▶ [Problem to solve]: A word-for-word copy of the entries is needed, and it should contain no images.
======== Exercise data ========
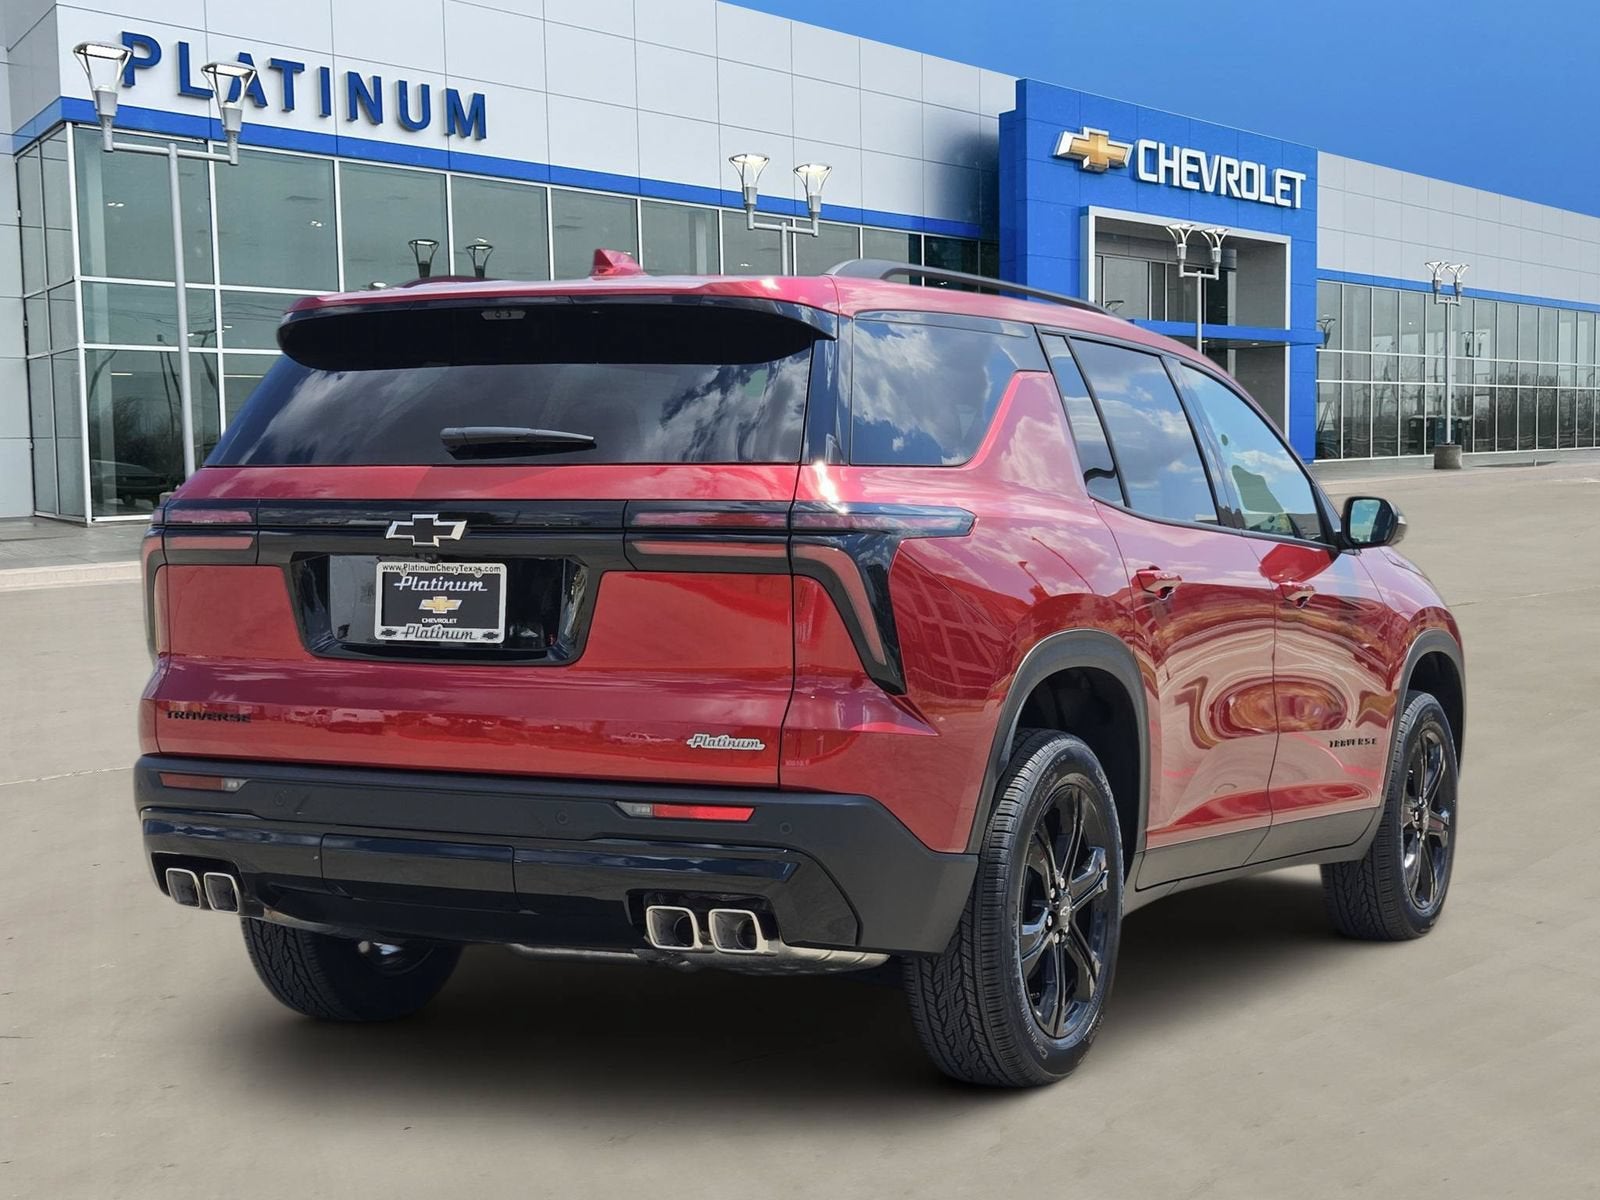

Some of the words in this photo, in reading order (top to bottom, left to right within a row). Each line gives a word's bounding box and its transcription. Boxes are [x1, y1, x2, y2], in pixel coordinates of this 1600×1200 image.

[122, 31, 487, 140] PLATINUM
[1136, 138, 1306, 209] CHEVROLET
[393, 575, 488, 592] Platinum
[421, 617, 458, 625] CHEVROLET
[400, 625, 478, 640] Platinum
[167, 710, 252, 723] TRAVERSE
[687, 734, 765, 750] Platinum
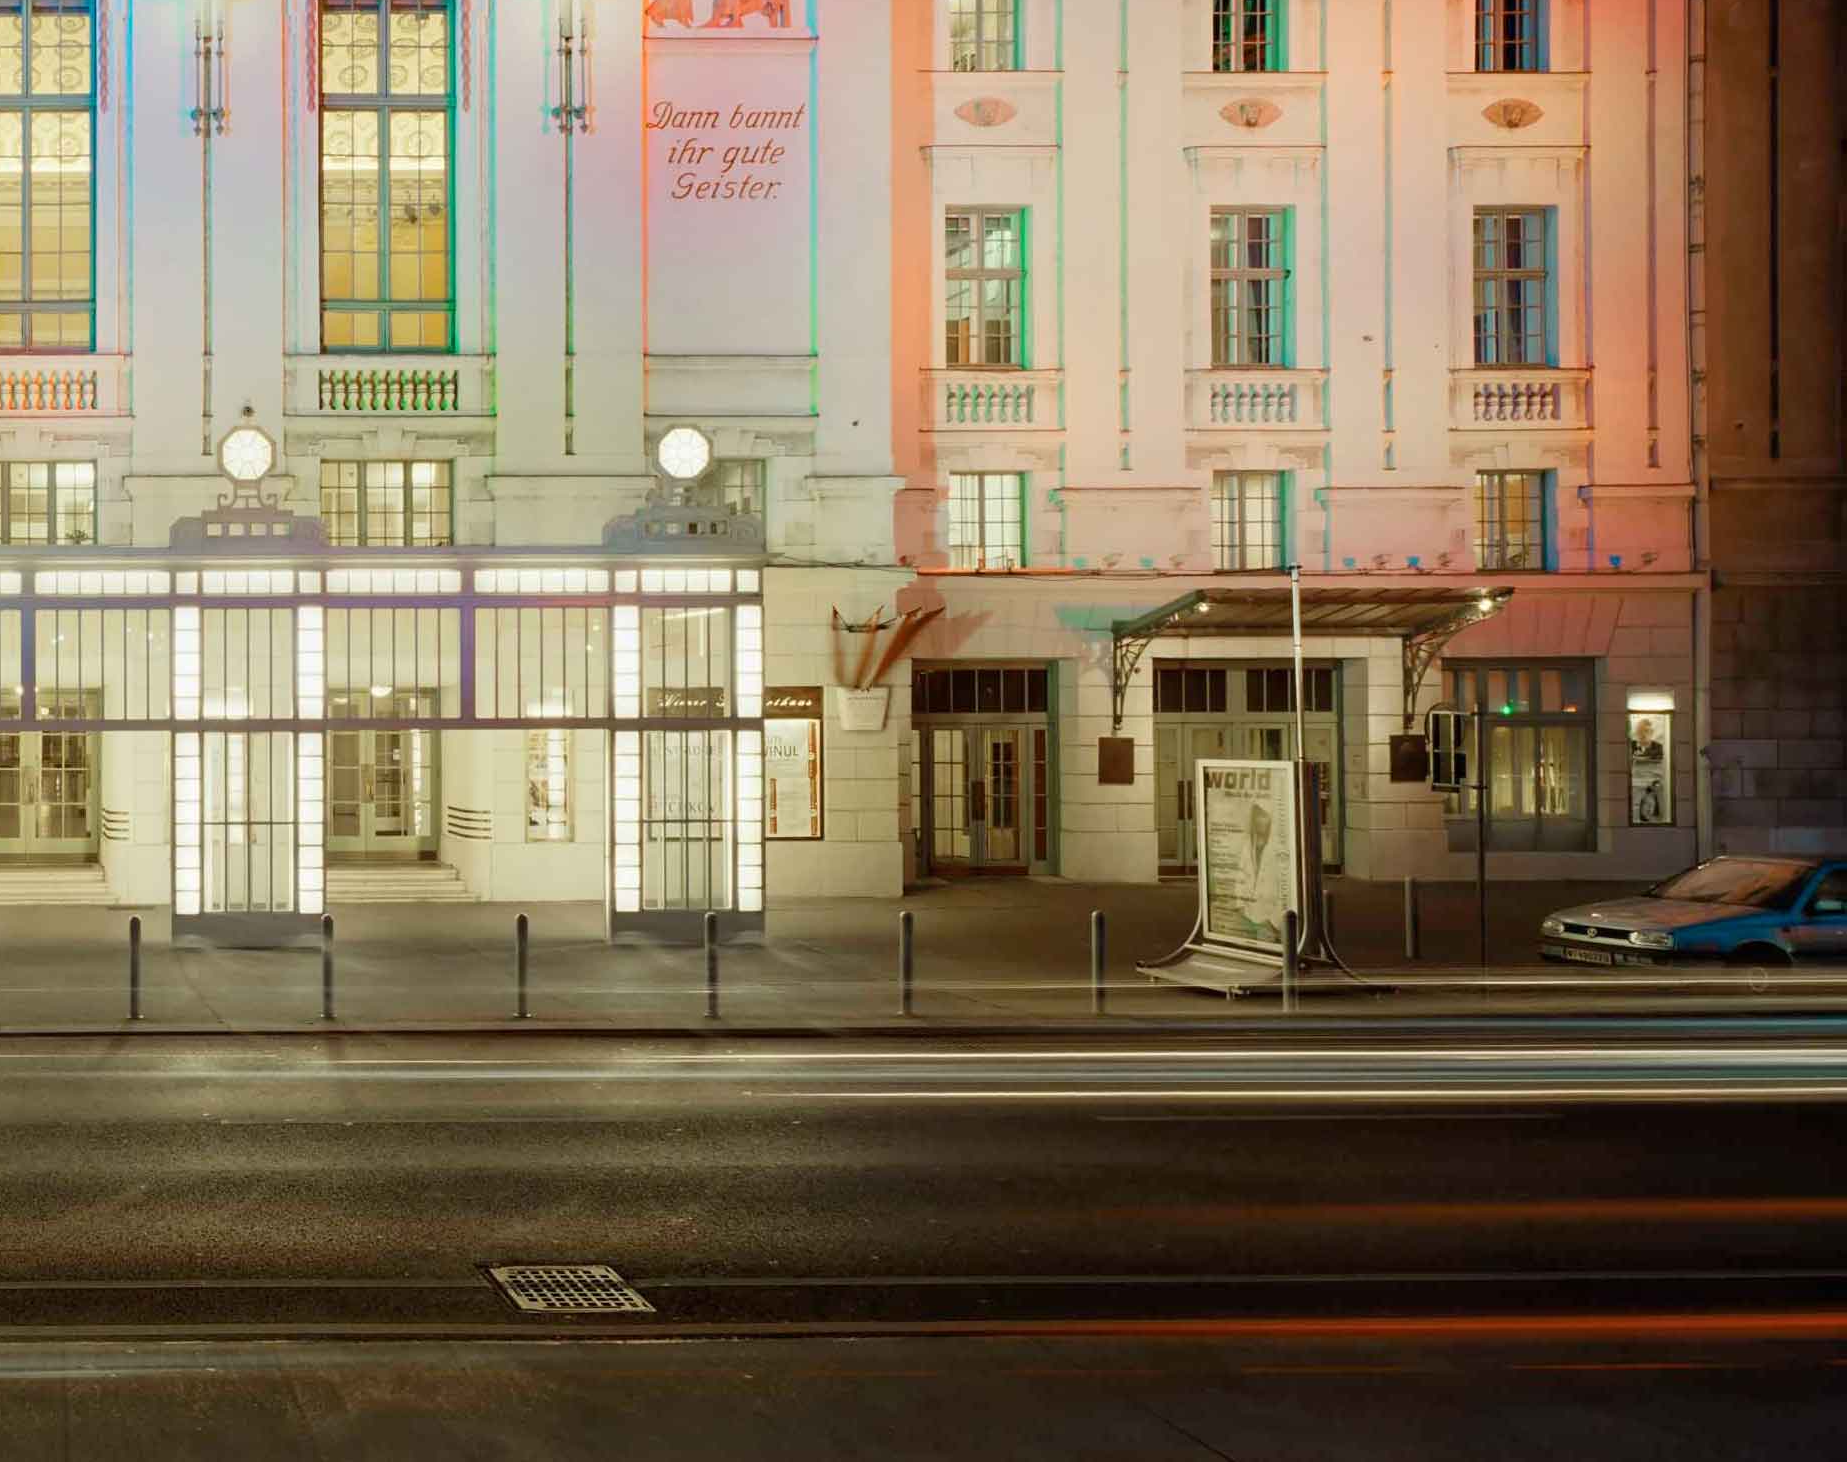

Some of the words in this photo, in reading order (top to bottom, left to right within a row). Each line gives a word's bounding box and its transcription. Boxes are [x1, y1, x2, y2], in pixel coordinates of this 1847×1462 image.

[646, 101, 721, 130] Dann
[729, 102, 807, 130] bannt
[668, 138, 713, 165] ihr
[721, 138, 785, 173] gute
[672, 172, 782, 200] Geister.
[1204, 767, 1271, 790] world
========
▶ [Written answer]:
Some of the words in this photo, in reading order (top to bottom, left to right within a row). Each line gives a word's bounding box and its transcription. Boxes are [x1, y1, x2, y2], in pixel coordinates of this 1600×1200 image.

[122, 31, 487, 140] PLATINUM
[1136, 138, 1306, 209] CHEVROLET
[393, 575, 488, 592] Platinum
[421, 617, 458, 625] CHEVROLET
[400, 625, 478, 640] Platinum
[167, 710, 252, 723] TRAVERSE
[687, 734, 765, 750] Platinum

Some of the words in this photo, in reading order (top to bottom, left to right within a row). Each line gives a word's bounding box and its transcription. Boxes are [x1, y1, x2, y2], in pixel coordinates of this 1847×1462 image.

[646, 101, 721, 130] Dann
[729, 102, 807, 130] bannt
[668, 138, 713, 165] ihr
[721, 138, 785, 173] gute
[672, 172, 782, 200] Geister.
[1204, 767, 1271, 790] world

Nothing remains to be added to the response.